Cada ata contém, como prática instituída, uma numeração sequencial, acompanhada da data de reunião realizada. Optou-se por informar apenas o número das atas citadas nos resultados do estudo, pois sua data está contemplada no contexto da descrição dos dados. A partir da leitura das 145 atas recuperadas no período de estudo, foram selecionados os trechos aqui apresentados, por conter algum elemento pertinente às categorias de estudo.
Foi possível depreender a periodicidade mensal das reuniões do colegiado gestor pelas atas respectivas. No que diz respeito ao tempo, este estudo reporta-se muito mais ao período da CIB Regional do que ao do CGR. As 111 atas da CIB Regional levantadas em um período de onze anos e três meses (de out. 1995 a dez. 2006) registram uma periodicidade média de dez reuniões por ano. Nos meses de dezembro e janeiro de cada ano era muito rara a ocorrência de alguma reunião da CIB Regional.

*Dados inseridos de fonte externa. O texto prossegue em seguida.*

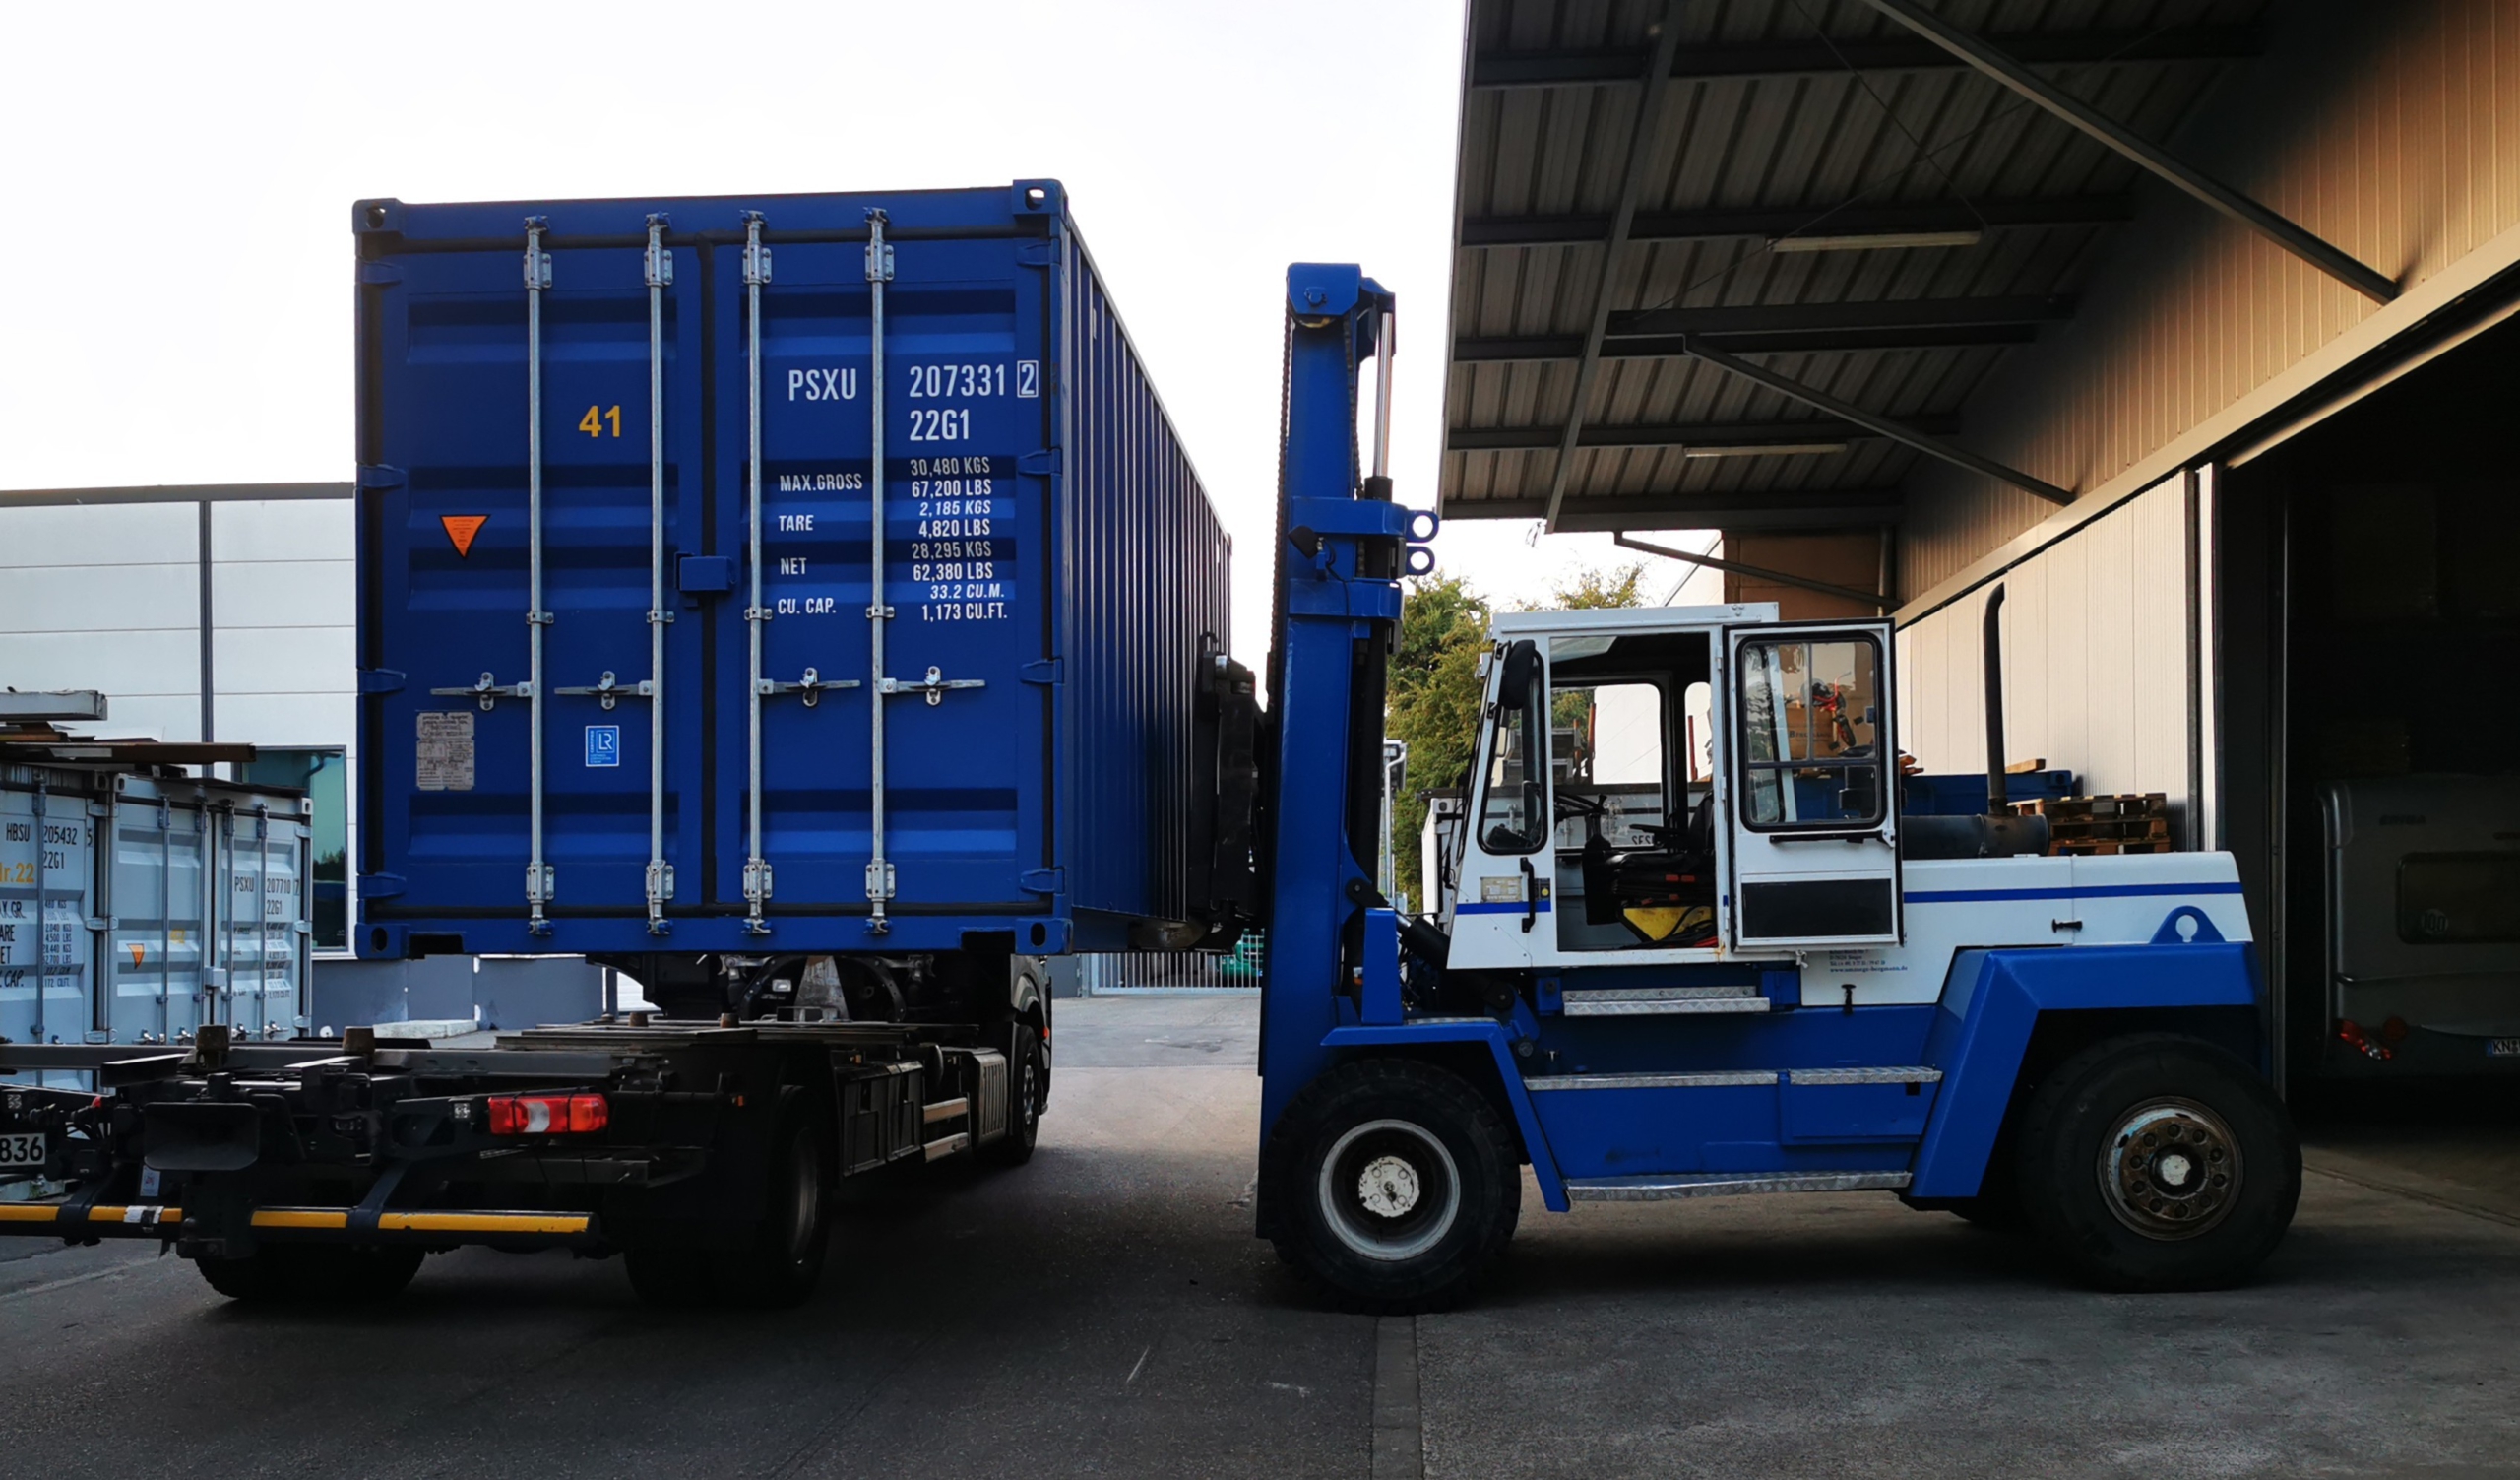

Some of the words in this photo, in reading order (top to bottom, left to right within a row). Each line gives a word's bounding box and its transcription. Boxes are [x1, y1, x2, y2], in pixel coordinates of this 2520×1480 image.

[788, 368, 857, 401] PSXU
[909, 364, 1005, 399] 207331
[1020, 362, 1037, 396] 2
[578, 404, 621, 438] 41
[909, 409, 969, 441] 22G1
[910, 457, 959, 477] 30,480
[963, 456, 990, 474] KGS
[780, 473, 862, 492] MAX.GROSS
[912, 480, 961, 499] 67,200
[965, 479, 991, 496] LBS
[919, 501, 960, 518] 2,185
[965, 500, 990, 515] KGS
[779, 515, 813, 532] TARE
[918, 519, 960, 539] 4,820
[964, 519, 990, 536] LBS
[912, 542, 961, 561] 28,295
[966, 541, 992, 557] KGS
[780, 558, 807, 575] NET
[913, 563, 963, 583] 62,380
[966, 562, 993, 580] LBS
[929, 585, 962, 600] 33.2
[966, 584, 1005, 598] CU.M.
[778, 599, 801, 615] CU.
[805, 598, 836, 614] CAP.
[921, 604, 961, 622] 1,173
[966, 603, 1008, 619] CU.FT.
[6, 822, 31, 843] HBSU
[43, 825, 78, 845] 205432
[43, 851, 65, 869] 22G1
[234, 876, 255, 893] PSXU
[266, 877, 291, 894] 207710
[266, 900, 283, 915] 22G1
[4, 969, 25, 988] CAP.
[2492, 1040, 2511, 1053] KN
[0, 1136, 43, 1163] 836
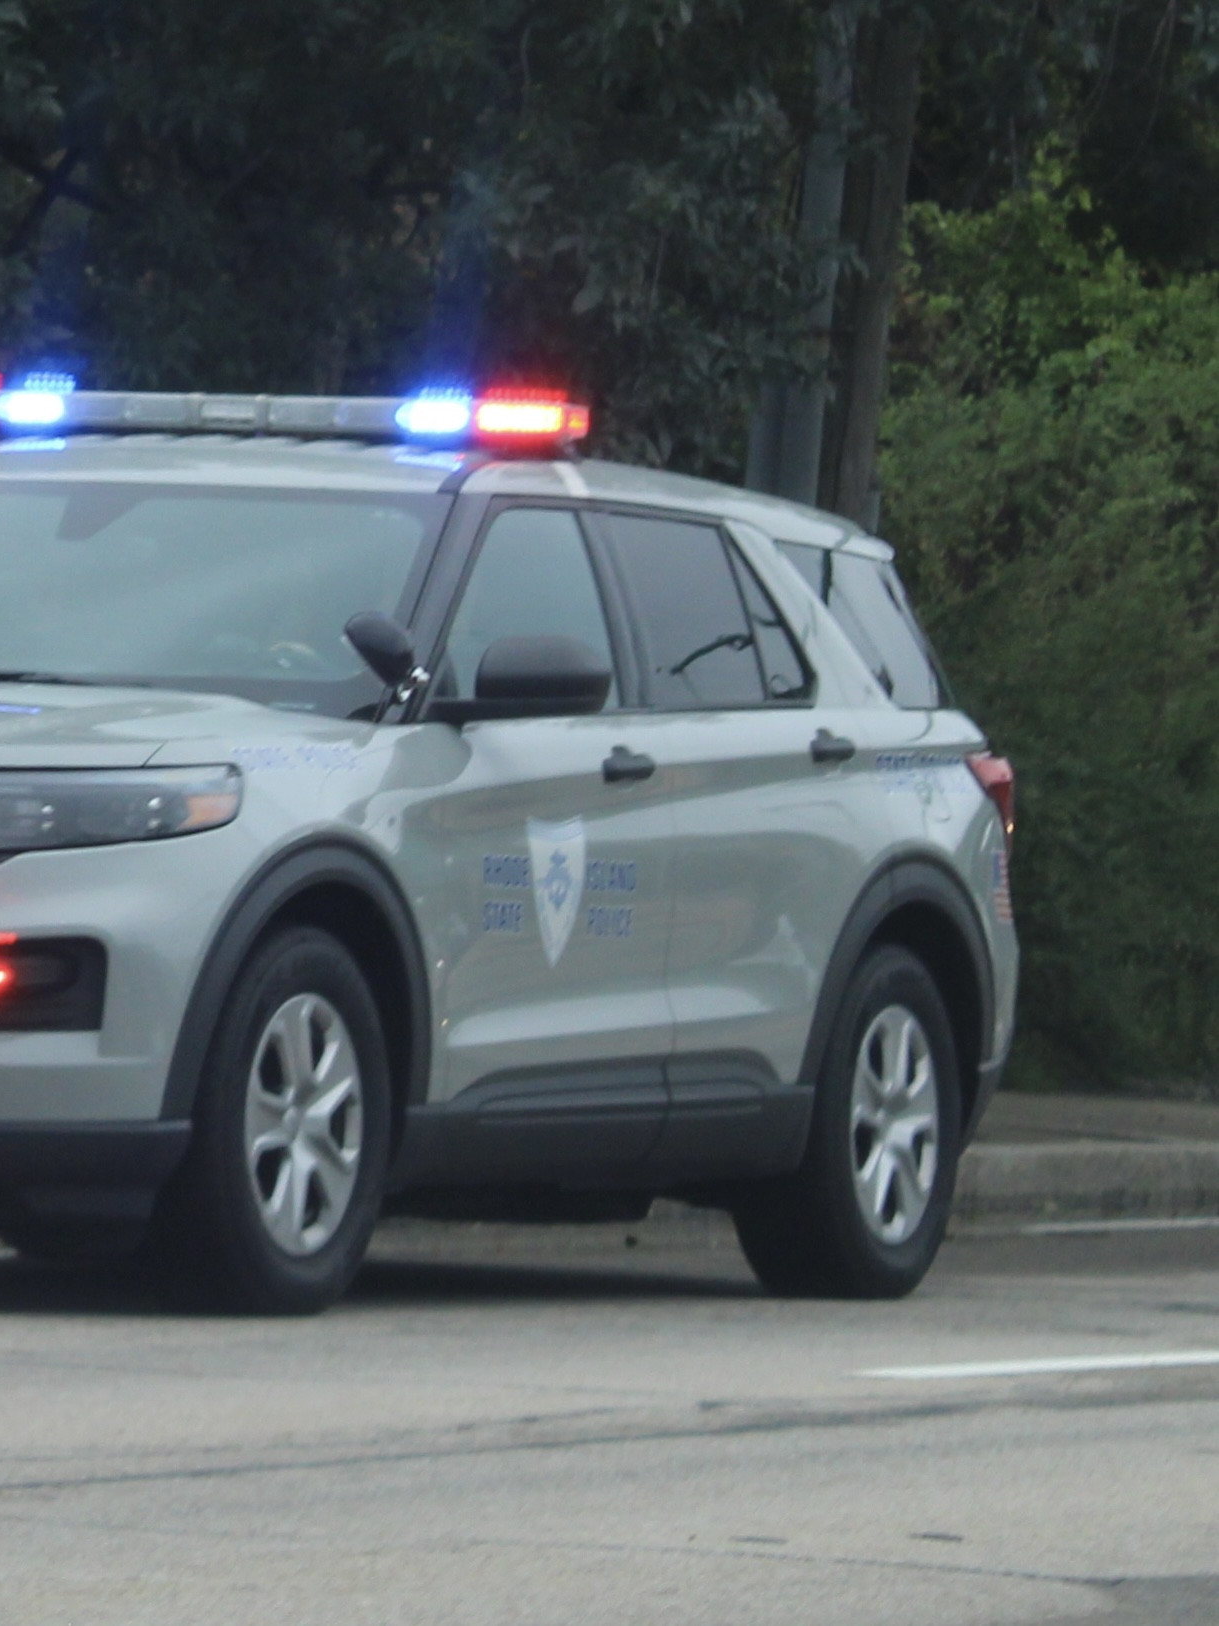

A regularidade das reuniões mensais manteve-se no período de transição, nas regiões, para a instituição do Pacto pela Saúde na gestão do SUS - o ano de 2007 e a primeira metade de 2008. Como a CIB Regional era atuante na região de estudo, embora já existissem diversos CGR operando em outros lugares, nos 18 meses aqui considerados como período CGR, a regularidade e lógica de funcionamento foi de continuidade da CIB Regional, havendo onze reuniões em 2007 (Atas 112 a 122) e seis no primeiro semestre de 2008 (Atas 123 a 128). Uma vez instituído oficialmente o CGR, a regularidade foi a mesma: seis reuniões na segunda metade de 2008 (Atas 129 a 134) e onze reuniões no ano de 2009 (Atas 135 a 145).
Os registros documentais das reuniões são abrangentes, com descrições cuidadosas e detalhadas das falas espontâneas dos participantes do colegiado gestor, revelando inegável qualidade e detalhamento das informações contidas nas atas.
No processamento dos dados registrados, eles foram inicialmente organizados em ordem cronológica e depois categorizados de acordo com a análise temática de seu conteúdo (BARDIN, 2011BARDIN, L. Análise de conteúdo. Lisboa, Portugal: Edições 70, 2011.). A pesquisa foi aprovada pelo Comitê de Ética em Pesquisa mediante protocolo nº 681/CEP-HUJM/09 (Of. nº 079/CEP-HUJM/2011).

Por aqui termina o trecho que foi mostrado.